O Supremo Tribunal Federal decidiu que o próximo julgamento relacionado aos atos golpistas ocorridos em 8 de janeiro será realizado no plenário virtual da Corte. O réu em questão é Moacir José dos Santos, de Foz do Iguaçu (PR), que foi preso pela Polícia Militar no Palácio do Planalto durante os eventos. A Procuradoria-Geral da República o acusa de cinco crimes e ele está aguardando julgamento em liberdade.

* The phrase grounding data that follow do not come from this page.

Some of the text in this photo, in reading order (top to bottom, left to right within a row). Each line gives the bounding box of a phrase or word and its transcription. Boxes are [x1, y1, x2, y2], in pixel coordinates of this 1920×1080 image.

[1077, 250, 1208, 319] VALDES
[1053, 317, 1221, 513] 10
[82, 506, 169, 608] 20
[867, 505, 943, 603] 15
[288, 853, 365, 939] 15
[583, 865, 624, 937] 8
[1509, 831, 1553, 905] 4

Diferentemente de uma deliberação presencial, no plenário virtual os ministros inserem seus votos no sistema eletrônico. O julgamento começa com o voto do relator e, em seguida, os demais ministros apresentam suas posições até o horário limite estabelecido pelo sistema. Além disso, a modalidade virtual permite que os advogados incluam vídeos com a gravação da sustentação oral antes do julgamento.

A decisão de realizar o julgamento no plenário virtual foi proposta pelo relator do caso, ministro Alexandre de Moraes, e aceita pela presidente do Supremo, ministra Rosa Weber. A mudança tem como objetivo agilizar os julgamentos dos réus relacionados aos atos golpistas, já que cerca de 200 ainda aguardam julgamento pela Corte.

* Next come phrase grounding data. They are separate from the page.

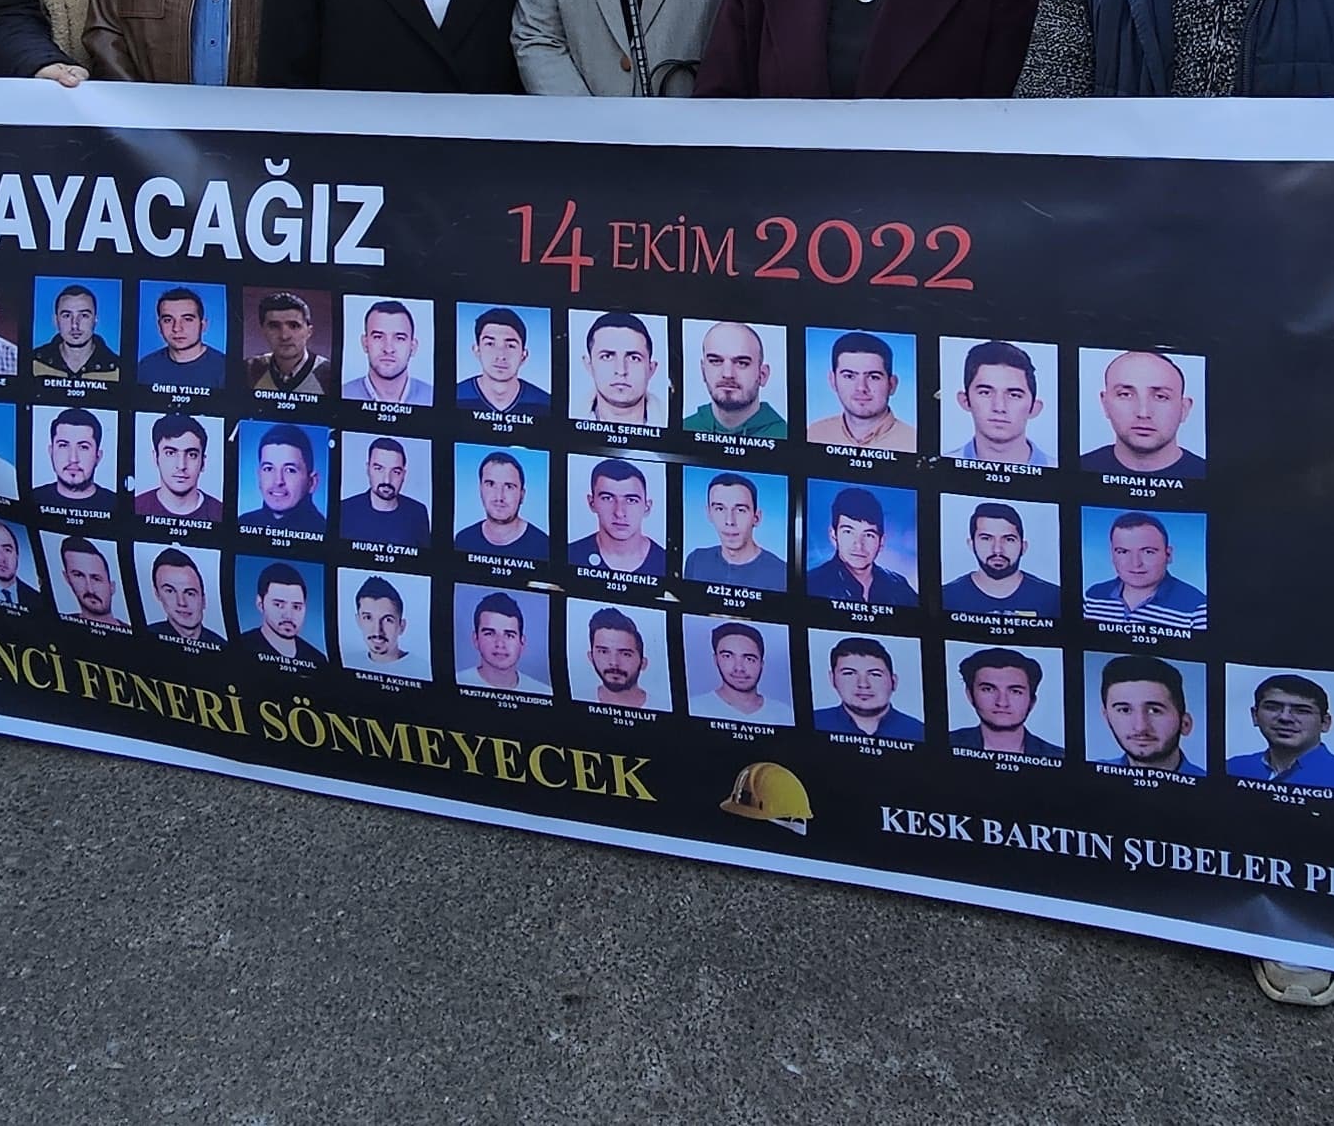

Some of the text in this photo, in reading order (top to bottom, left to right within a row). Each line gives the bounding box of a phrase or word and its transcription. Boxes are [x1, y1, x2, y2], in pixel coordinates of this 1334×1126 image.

[508, 200, 974, 293] 14 EKİM 2022
[44, 378, 108, 391] DENİZ BAYKAL
[151, 382, 210, 396] ÖNER YILDIZ
[67, 389, 86, 397] 2009
[255, 390, 318, 403] ORHAN ALTUN
[171, 395, 191, 404] 2009
[277, 402, 296, 411] 2009
[362, 402, 412, 415] ALİ DOĞRU
[377, 414, 396, 422] 2019
[472, 410, 534, 425] YASİN ÇELİK
[492, 424, 513, 433] 2019
[575, 420, 661, 438] GÜRDAL SERENLİ
[607, 435, 628, 445] 2019
[694, 433, 775, 450] SERKAN NAKAŞ
[723, 446, 746, 456] 2019
[826, 445, 898, 461] OKAN AKGÜL
[849, 459, 873, 469] 2019
[954, 458, 1042, 476] BERKAY KESİM
[985, 473, 1011, 483] 2019
[1102, 474, 1183, 490] EMRAH KAYA
[1129, 487, 1156, 498] 2019
[40, 505, 67, 516] ŞABAN
[66, 517, 84, 525] 2019
[179, 519, 213, 530] KANSIZ
[169, 528, 188, 536] 2019
[240, 525, 264, 536] SUAT
[271, 538, 291, 547] 2019
[352, 541, 418, 556] MURAT ÖZTAN
[374, 554, 395, 563] 2019
[468, 554, 535, 570] EMRAH KAVAL
[491, 567, 512, 576] 2019
[577, 567, 659, 586] ERCAN AKDENİZ
[606, 581, 628, 592] 2019
[706, 585, 762, 601] AZİZ KÖSE
[723, 598, 746, 608] 2019
[831, 600, 894, 616] TANER ŞEN
[851, 613, 875, 623] 2019
[951, 612, 1054, 628] GÖKHAN MERCAN
[989, 626, 1015, 635] 2019
[1098, 622, 1192, 639] BURÇİN SABAN
[1131, 635, 1158, 645] 2019
[279, 665, 297, 673] 2019
[292, 658, 317, 669] OKUL
[497, 701, 518, 709] 2019
[588, 705, 657, 722] RASİM BULUT
[613, 718, 634, 727] 2019
[710, 721, 775, 735] ENES AYDIN
[75, 658, 251, 736] FENERİ
[259, 695, 658, 802] SÖNMEYECEK
[732, 732, 754, 741] 2019
[830, 734, 915, 751] MEHMET BULUT
[859, 746, 883, 756] 2019
[953, 747, 1062, 768] BERKAY PINAROĞLU
[995, 762, 1020, 772] 2019
[1096, 764, 1196, 786] FERHAN POYRAZ
[1133, 778, 1159, 788] 2019
[1237, 779, 1288, 794] AYHAN
[1272, 793, 1306, 806] 2012
[880, 806, 974, 842] KESK
[981, 818, 1114, 862] BARTIN
[1123, 837, 1295, 889] ŞUBELER

É importante destacar que, no mês passado, Moraes autorizou a PGR a propor acordos de não persecução penal em mais de 1.100 processos. Essa decisão se aplica aos casos de acusados que estavam no acampamento montado no quartel do Exército, em Brasília, no dia 8 de janeiro. No entanto, aqueles que participaram da depredação de prédios públicos não serão beneficiados por essa medida.

Na semana passada, o STF condenou os três primeiros réus relacionados aos atos golpistas. As condenações foram por crimes como associação criminosa armada, abolição violenta do Estado Democrático de Direito, golpe de Estado, dano qualificado pela violência e grave ameaça, com o uso de substância inflamável. As penas variaram de 14 a 17 anos, além de multa.

Com o uso do plenário virtual, espera-se que os julgamentos dos réus restantes sejam agilizados e que a justiça seja feita de forma eficiente.